Example 1: UI Recreation from Screenshot

# Load UI screenshot
load_image(file_path="designs/dashboard.png")

# Agent can now see the image and recreate it
# "Recreate this dashboard UI in HTML/CSS"

# Result: Agent builds matching HTML/CSS based on visual
create_file(
    file_path="dashboard.html",
    file_contents="<html>...recreated UI...</html>"
)

Example 2: Diagram Analysis

# Load architecture diagram
load_image(file_path="docs/architecture.svg")

# Agent analyzes the diagram
# "Explain this system architecture"

# Agent describes:
# - Components and their relationships
# - Data flows
# - Integration points
# - Technologies shown

Example 3: Data Extraction from Chart

# Load chart image
load_image(file_path="reports/sales_chart.png")

# Extract data
# "Extract the sales figures from this chart"

# Agent reads visual data and creates structured output
create_file(
    file_path="sales_data.json",
    file_contents=json.dumps(extracted_data)
)

Example 4: Multiple Image Comparison

# Load up to 3 images
load_image(file_path="version1.png")
load_image(file_path="version2.png")  
load_image(file_path="version3.png")

# Compare
# "What are the differences between these three design versions?"

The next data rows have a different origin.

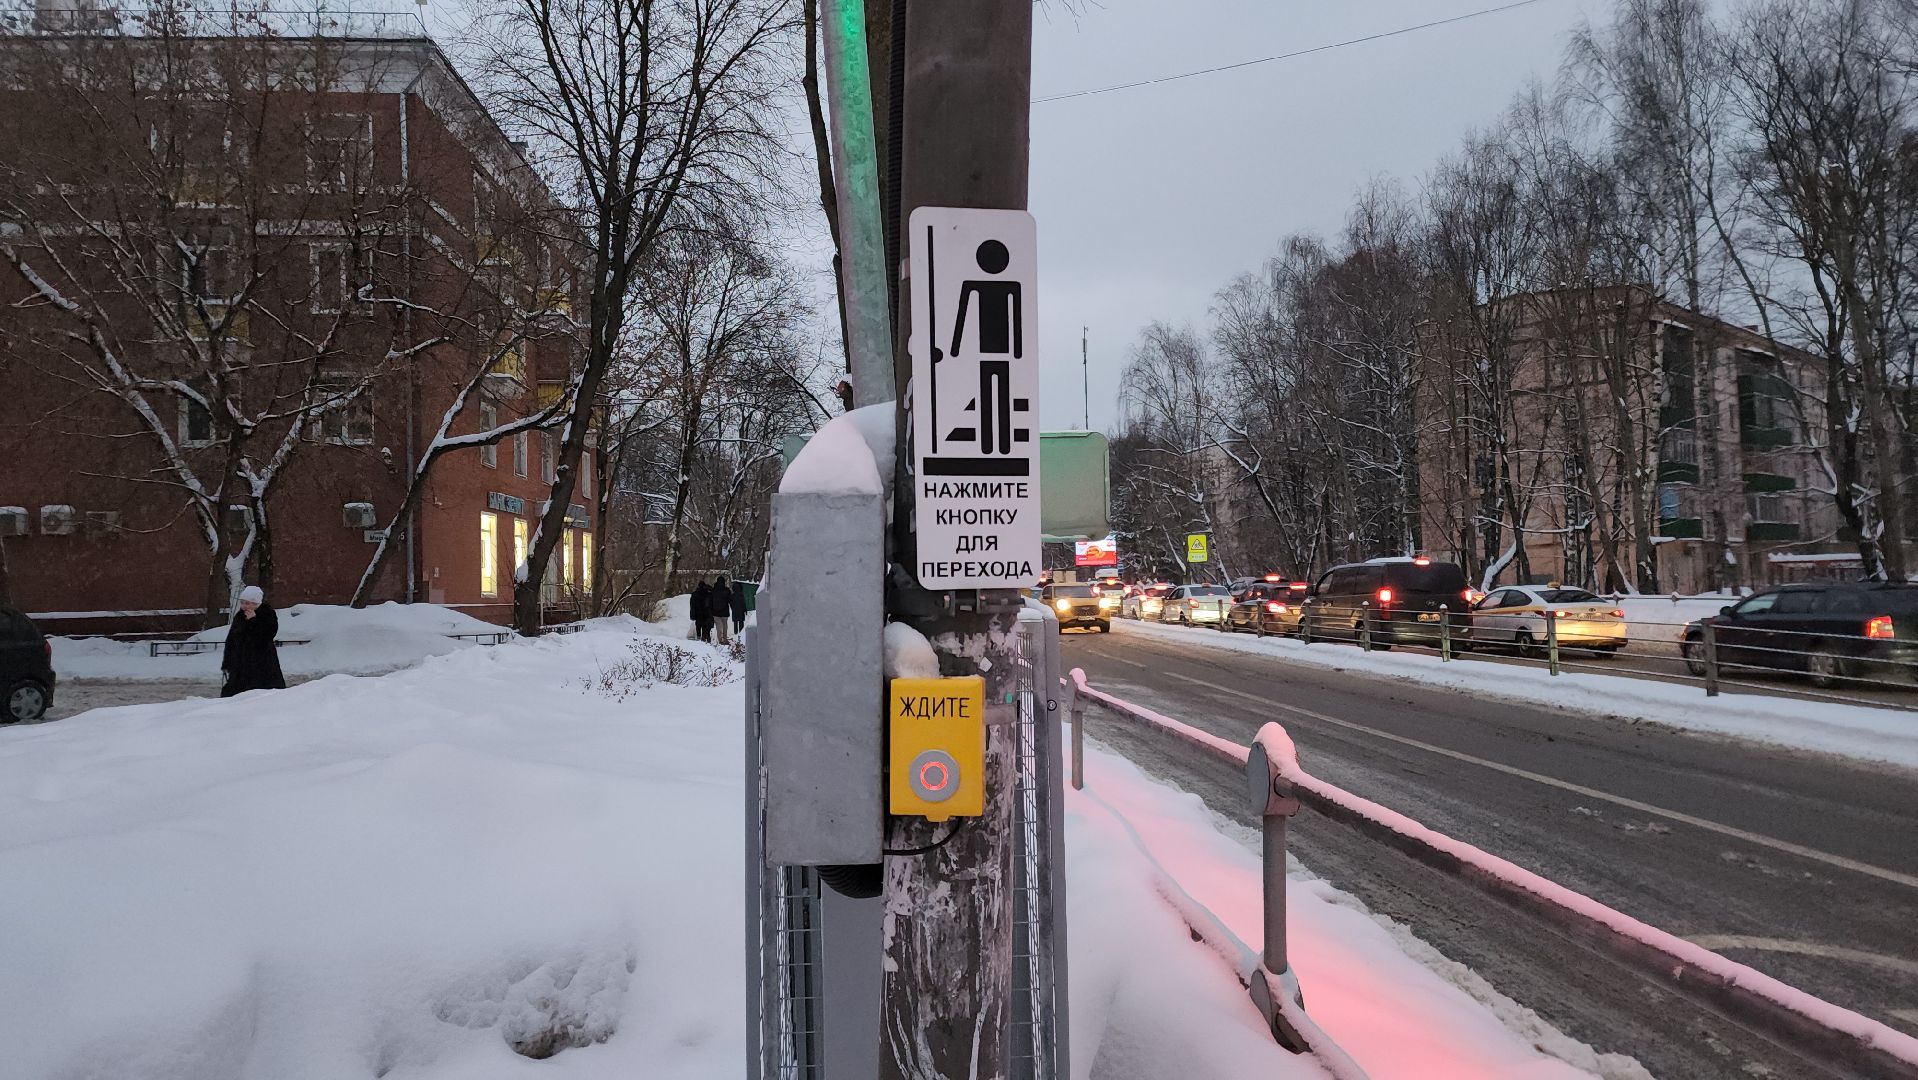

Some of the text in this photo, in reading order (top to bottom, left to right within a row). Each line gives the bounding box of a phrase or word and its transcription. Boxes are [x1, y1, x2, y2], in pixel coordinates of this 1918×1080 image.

[924, 482, 1029, 499] НАЖМИТЕ
[936, 508, 1018, 525] КНОПКУ
[955, 535, 998, 555] ДЛЯ
[922, 560, 1034, 580] ПЕРЕХОДА
[899, 696, 970, 721] ЖДИТЕ

# Agent analyzes all 3 images and identifies changes

Implementation Details

Image Compression

From sb_vision_tool.py:171-279:

async def compress_image(self, image_bytes: bytes, mime_type: str, file_path: str) -> Tuple[bytes, str]:
    """
    Compress an image to reduce its size while maintaining reasonable quality.
    
    - Resizes if larger than 1920x1080
    - Converts RGBA to RGB for JPEG
    - Optimizes with quality settings
    - Validates output format
    """
    # Open image from bytes
    img = Image.open(BytesIO(image_bytes))
    
    # Calculate new dimensions while maintaining aspect ratio
    width, height = img.size
    if width > DEFAULT_MAX_WIDTH or height > DEFAULT_MAX_HEIGHT:
        ratio = min(DEFAULT_MAX_WIDTH / width, DEFAULT_MAX_HEIGHT / height)
        new_width = int(width * ratio)
        new_height = int(height * ratio)
        img = img.resize((new_width, new_height), Image.Resampling.LANCZOS)

Compression settings:

Max dimensions: 1920x1080
JPEG quality: 85
PNG compression: Level 6
Max original size: 10 MB
Max compressed size: 5 MB

SVG Conversion

From sb_vision_tool.py:98-169:

async def convert_svg_with_sandbox_browser(self, svg_full_path: str) -> Tuple[bytes, str]:
    """
    Convert SVG to PNG using sandbox browser API for better rendering support.
    
    Uses Chromium to render SVG and capture as PNG for highest quality.
    """
    # Initialize browser
    init_response = await self.sandbox.process.exec(
        "curl -s -X POST 'http://localhost:8004/api/init' ...",
        env={"GEMINI_API_KEY": config.GEMINI_API_KEY}
    )
    
    # Call SVG conversion endpoint
    params = {"svg_file_path": svg_full_path}
    response = await self.sandbox.process.exec(
        f"curl -s -X POST 'http://localhost:8004/api/convert-svg' -d '{json.dumps(params)}'"
    )
    
    # Extract PNG data
    response_data = json.loads(response.result)
    screenshot_base64 = response_data.get("screenshot_base64")
    png_bytes = base64.b64decode(screenshot_base64)
    
    return png_bytes, 'image/png'

SVG files are converted using:

Primary: Chromium browser rendering (highest quality)
Fallback: svglib + reportlab (if browser fails)

Cloud Storage Upload

From sb_vision_tool.py:429-463:

# Upload to Supabase Storage instead of base64
try:
    # Generate unique filename
    timestamp = datetime.now().strftime('%Y%m%d_%H%M%S')
    unique_id = str(uuid.uuid4())[:8]
    
    ext_map = {
        'image/jpeg': 'jpg',
        'image/png': 'png',
        'image/gif': 'gif',
        'image/webp': 'webp'
    }
    ext = ext_map.get(compressed_mime_type, 'jpg')
    
    storage_filename = f"loaded_images/{base_filename}_{timestamp}_{unique_id}.{ext}"
    
    # Upload to Supabase storage (public bucket for LLM access)
    client = await self.db.client
    storage_response = await client.storage.from_('image-uploads').upload(
        storage_filename,
        compressed_bytes,
        {"content-type": compressed_mime_type}
    )
    
    # Get public URL
    public_url = await client.storage.from_('image-uploads').get_public_url(storage_filename)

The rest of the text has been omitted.